В данной работе мембранолитическая активность этанольных экстрактов, фракций и индивидуальных соединений была определена на мышиных эритроцитах. Как известно, эритроциты животных имеют высокое содержание холестерина (25-30%) и являются традиционной моделью для изучения функционального состояния мембран. В случае
гемолиза визуально наблюдается непосредственный результат действия различных веществ на мембрану эритроцитов.
В качестве объектов исследования были выбраны тридцать пять образцов губок, относящихся, за исключением одной известковой губки (класс Calcarea) к классу Demospongiae. Мы изучили стерины данных беспозвоночных, а также гемолитическую активность этанольных экстрактов большинства губок. Этанольные экстракты из тридцати видов показали различную степень гемолитической активности, вплоть до ее отсутствия. Из экстрактов семи губок, показавших наибольшую активность, нами были выделены гемолитические агенты разной химической природы (жирные кислоты, терпеноиды, гликозиды, стероидные кислоты, алкалоиды).
В диссертации использованы следующие сокращения:
ТСХ — тонкослойная хроматография; ВЭЖХ - высокоэффективная жидкостная хроматография высокого давления; ГЖХ - газо-жидкостная хроматография; ОВУ -относительное время удерживания; СК ЯМР Ни С — спектроскопия ядерного магнитного резонанса на протонах и ядрах углерода; КССВ - константа спин-спинового взаимодействия; ХС - химический сдвиг; DEPT (Distortionless Enhancement by Polarisation Transfer) - ЯМР-эксперимент с неискаженным усилением сигнала с помощью переноса поляризации с протона на ядро углерода; ID NOE (Nuclear Overhauser Effect) — одномерный ЯМР-эксперимент ядерного эффекта Оверхаузера; NOESY (Nuclear Overhauser Effect Spectroscopy) - спектроскопия ядерного эффекта Оверхаузера; COSY (Correlation Spectroscopy) - корреляционная спектроскопия; TOCSY (Total Correlation Spectroscopy) - полная корреляционная спектроскопия; HSQC (Heteronuclear Single Quantum Correlation) - ЯМР-эксперимент гетероядерной одноквантовой корреляции; НМВС (Heteronuclear Multiple-Bond Correlation) - ЯМР-эксперимент гетероядерной корреляции через несколько связей; МС - масс-спектрометрия; HRFABMS (High Resolution Fast Atom Bombardment Mass-spectrometry) - масс-спектрометрия высокого разрешения с ионизацией быстрыми атомами; MALDIOF (Matrix Assistant Laser Desorbtion/Ionization Time-of-Flight Mass-spectrometry) - масс-спектрометрия с матричной лазерной десорбцией/ионизацией; ГЖХ-МС - хромато-масс-спектрометрия; CAD (Collision Activation Dissociation) - вид масс-спектрометрии с диссоциацией, активированной столкновениями.

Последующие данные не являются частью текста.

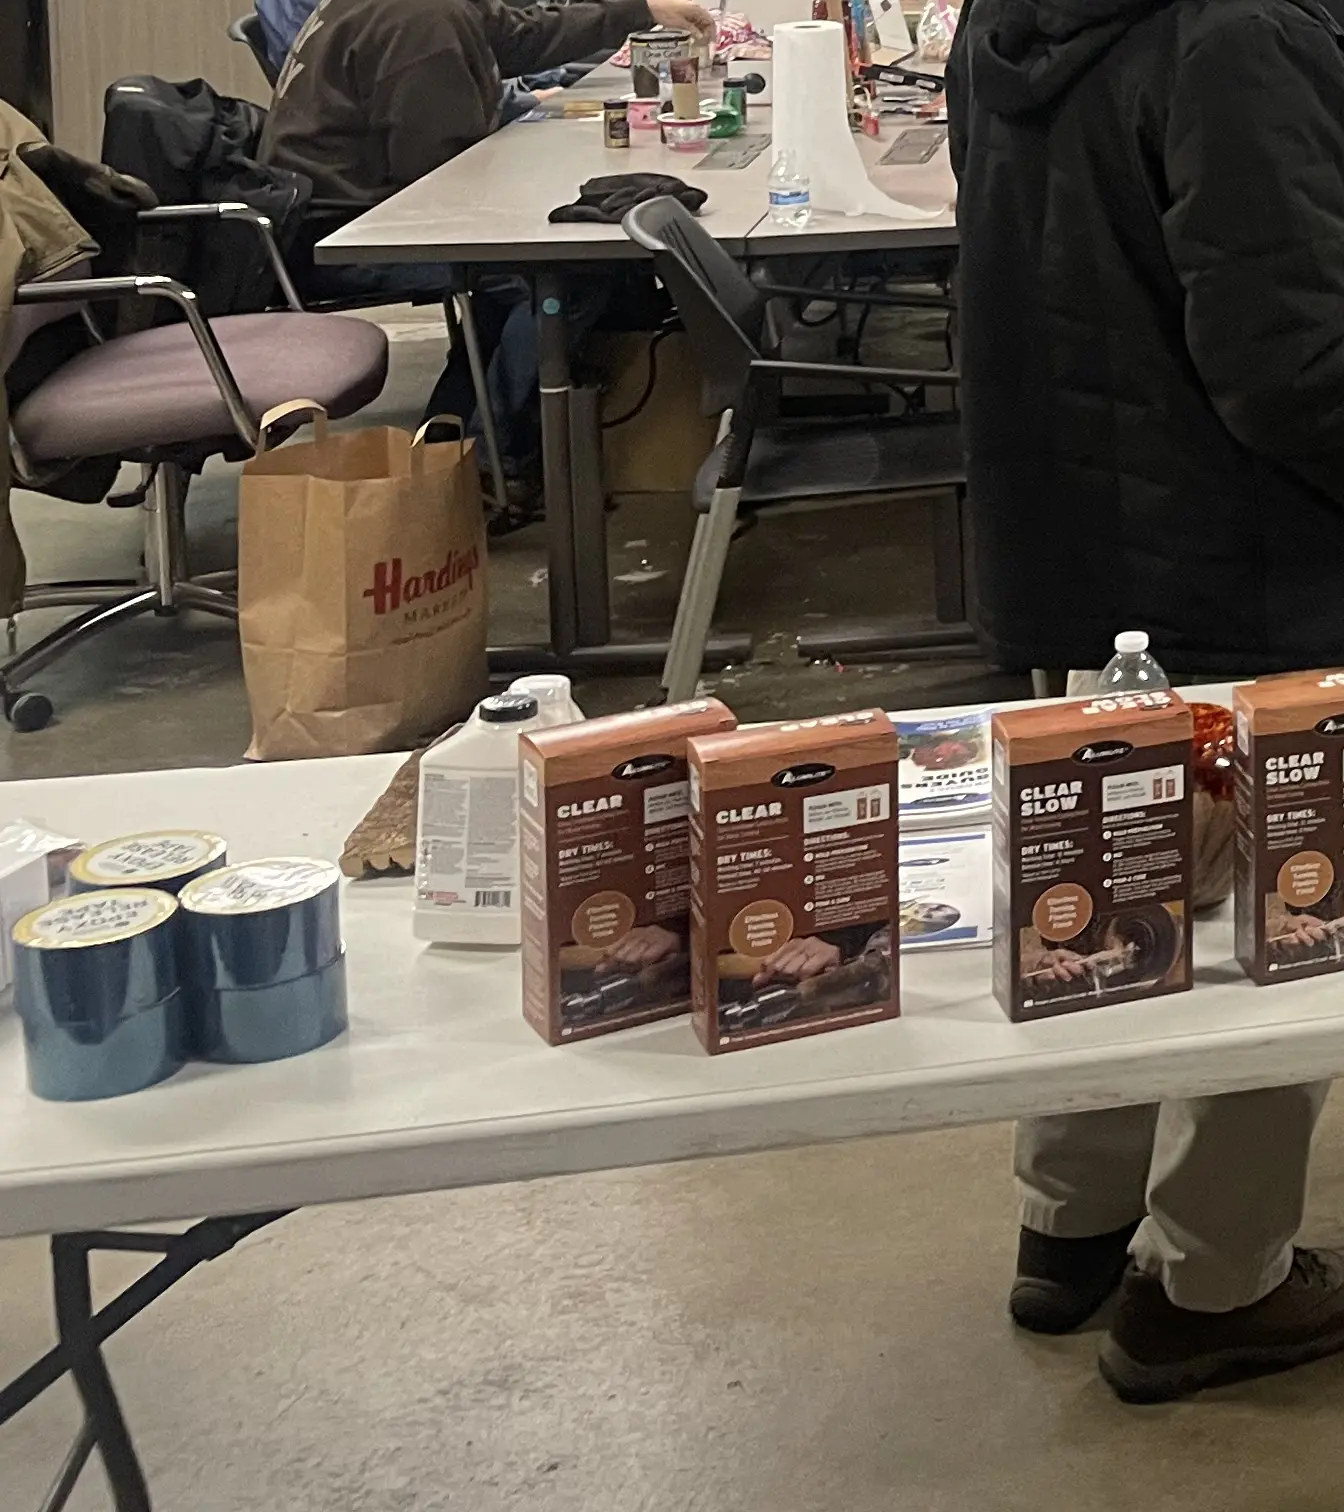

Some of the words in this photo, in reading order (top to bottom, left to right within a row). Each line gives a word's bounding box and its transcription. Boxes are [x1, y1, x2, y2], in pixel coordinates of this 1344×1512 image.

Нам представлялось удобным использовать для стероидных соединений часто употребляемую для них нумерацию, при которой стероидные ядра обозначаются буквами, а боковые цепи - цифрами. Таким образом, каждому стерину (стероиду) дается обозначение, состоящее из одной буквы и одной цифры. Например, холестерин будет иметь при этом номер А4. Соединения нестероидного характера пронумерованы обычным способом. Ниже приводятся структуры и буквенные обозначения тетрациклических ядер стероидов (схема 1) и их боковых цепей (схема 2). Среди стероидов, представленных на схемах 1 и 2, присутствуют как соединения, идентифицированные в данной работе, так и те, которые упоминаются при обсуждении результатов.
Автор выражает глубокую благодарность научному руководителю Макарьевой Т.Н., а также академику Стонику В.А. за чуткость и всяческую поддержку, к.х.н. Денисенко В.А., к.х.н. Дмитренку А.С, н.с. Дмитренку П.С., Моисеенко О.П., к.б.н. Прокофьевой Н.Г., к.х.н. Пономаренко Л.П. за съемку ЯМР- и масс-спектров, проведение биотестирования и ГЖХ-анализа, за абсолютно бескорыстную помощь в работе, ценные идеи и критические замечания.

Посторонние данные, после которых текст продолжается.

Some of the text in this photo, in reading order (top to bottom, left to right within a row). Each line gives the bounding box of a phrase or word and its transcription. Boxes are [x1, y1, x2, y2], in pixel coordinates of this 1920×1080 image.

Хроматографическое выделение и разделение стеринов
Однако даже такой мощный метод разделения, как ГЖХ, нередко не позволяет полностью идентифицировать сложные смеси стеринов из морских организмов. Поэтому широко применяют сочетание ГЖХ и масс-спектрометрии (хромато-масс спектрометрию), что позволяет в процессе хроматографического разделения фракции получать масс-спектры ее компонентов.
Наиболее часто для идентификации стеринов применяется масс-спектрометрия электронного удара. Основные закономерности фрагментации стероидных спиртов были установлены Джерасси [12], Вульфсоном и Заикиным [13] и другими. Масс » спектрометрия дает возможность подтвердить стероидную природу изучаемого соединения, установить наличие и положение кратных связей, а также алкильных заместителей в ядре или в боковой цепи. Наиболее характеристичные сигналы в масс спектрах ацетатов стеринов приведены в таблице 1 (эти производные чаще используют для идентификации стеринов) [2].

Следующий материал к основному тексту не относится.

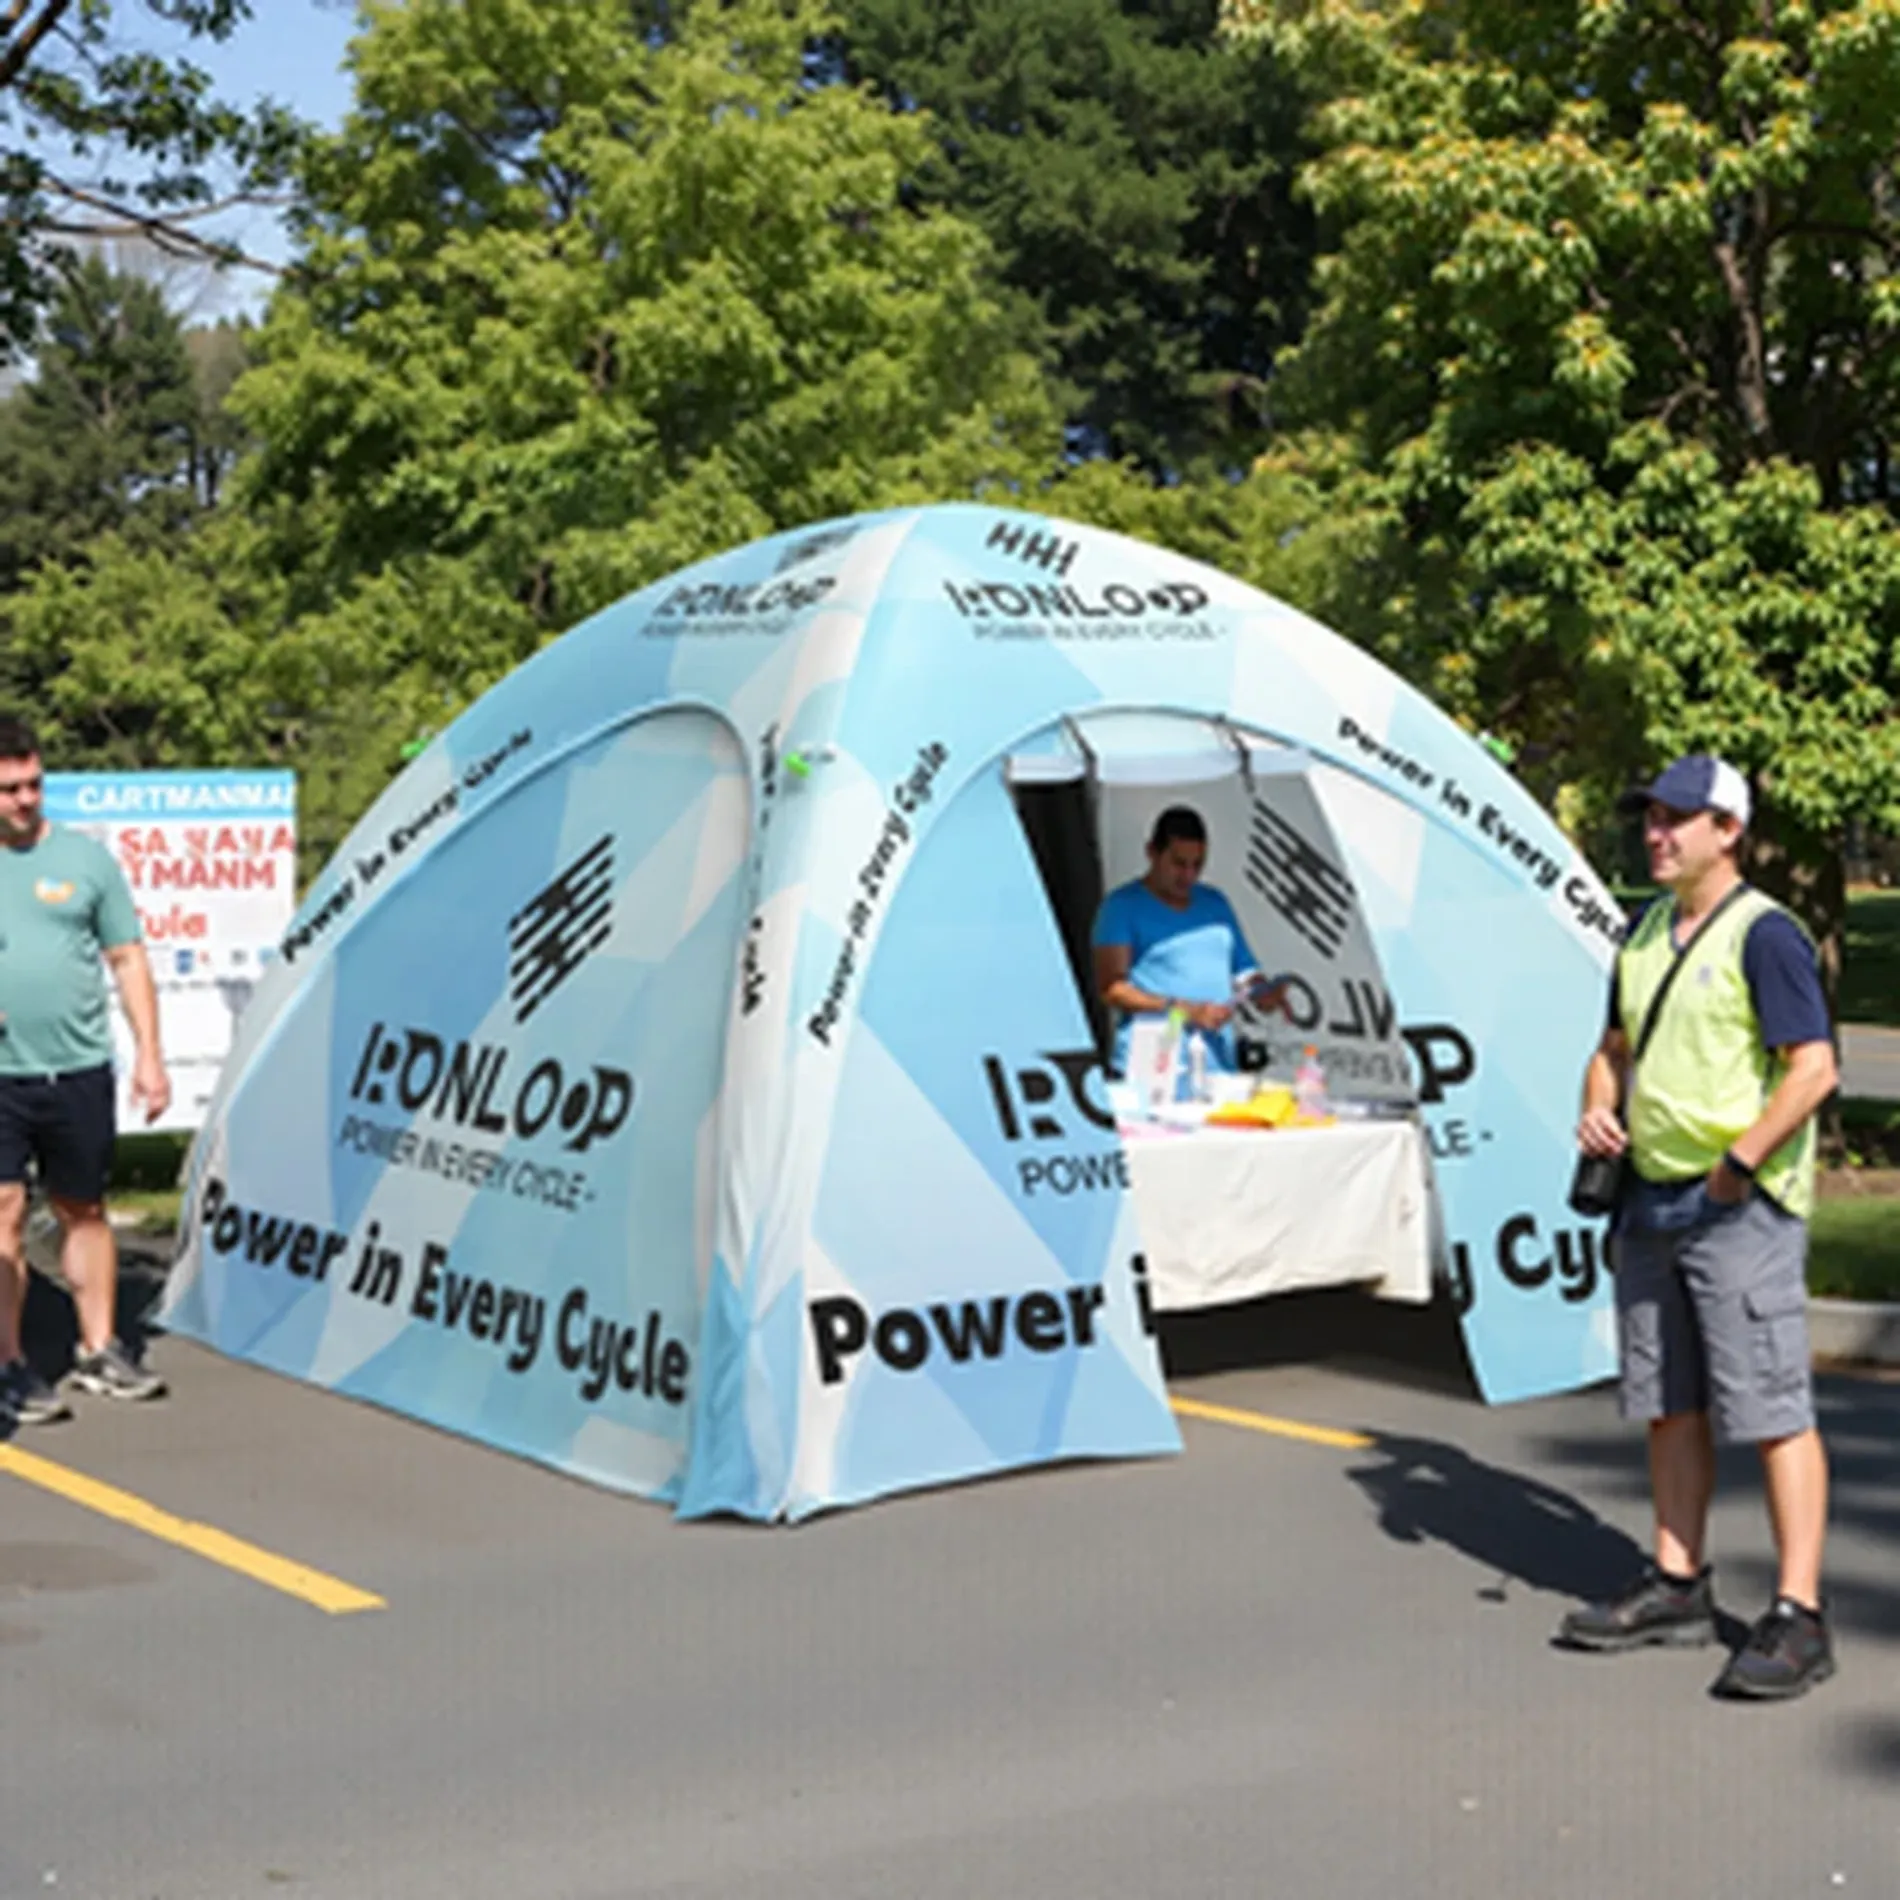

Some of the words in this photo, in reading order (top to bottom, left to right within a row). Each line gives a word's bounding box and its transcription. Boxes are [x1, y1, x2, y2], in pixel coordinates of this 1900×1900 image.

Широкое использование в структурных исследованиях морских стеринов нашла ЯМР-спектроскопия, особенно на ядрах водорода. При изучении стероидов с помощью Н ЯМР-спектроскопии большое значение имеет анализ химических сдвигов (ХС) сигналов ангулярных метильных групп. Положение этих сигналов характеристично для различных типов ненасыщенности стероидного ядра (таблица 2).
Положение сигнала СНз-18 зависит от строения боковой цепи сильнее, чем СНз-19. Например, у соединений Д5-ряда 8н СНз-18 находится в диапазоне 0,62-0,74 м.д. и может заметно сдвигаться в слабое поле у стеринов с двойной связью в боковой цепи по сравнению со стеринами с насыщенной боковой цепью [15].
Кроме того, определение точных значений ХС протонов других метильных групп дает возможность установить стереохимические особенности изучаемых соединений. Например, эпимерные по С-24 стерины часто идентифицируют в экстрактах морских организмов по их спектрам ЯМР. В тех случаях, когда оба эпимера присутствуют в экстракте, их разделение хроматографическими методами выполнить, как правило, не удается. Если же в природной смеси имеется только один из эпимеров, то его стереохимическая идентификация затруднена из-за отсутствия различий между эпимерами в ИК-, УФ-, масс-спектрах, небольшой разницы в их температурах плавления и удельном вращении. Для определения конфигурации при С-24 применяют Н ЯМР-спектроскопию, используя характеристичность ХС протонов метильных групп СНз-21, СНз-26 и СНз-27 для той или иной конфигурации хирального центра С-24 [14, 18].
Различия в ХС атомов углерода боковой цепи позволяют также провести стереохимическую идентификацию таких стероидов по их спектрам 13С ЯМР [19-22].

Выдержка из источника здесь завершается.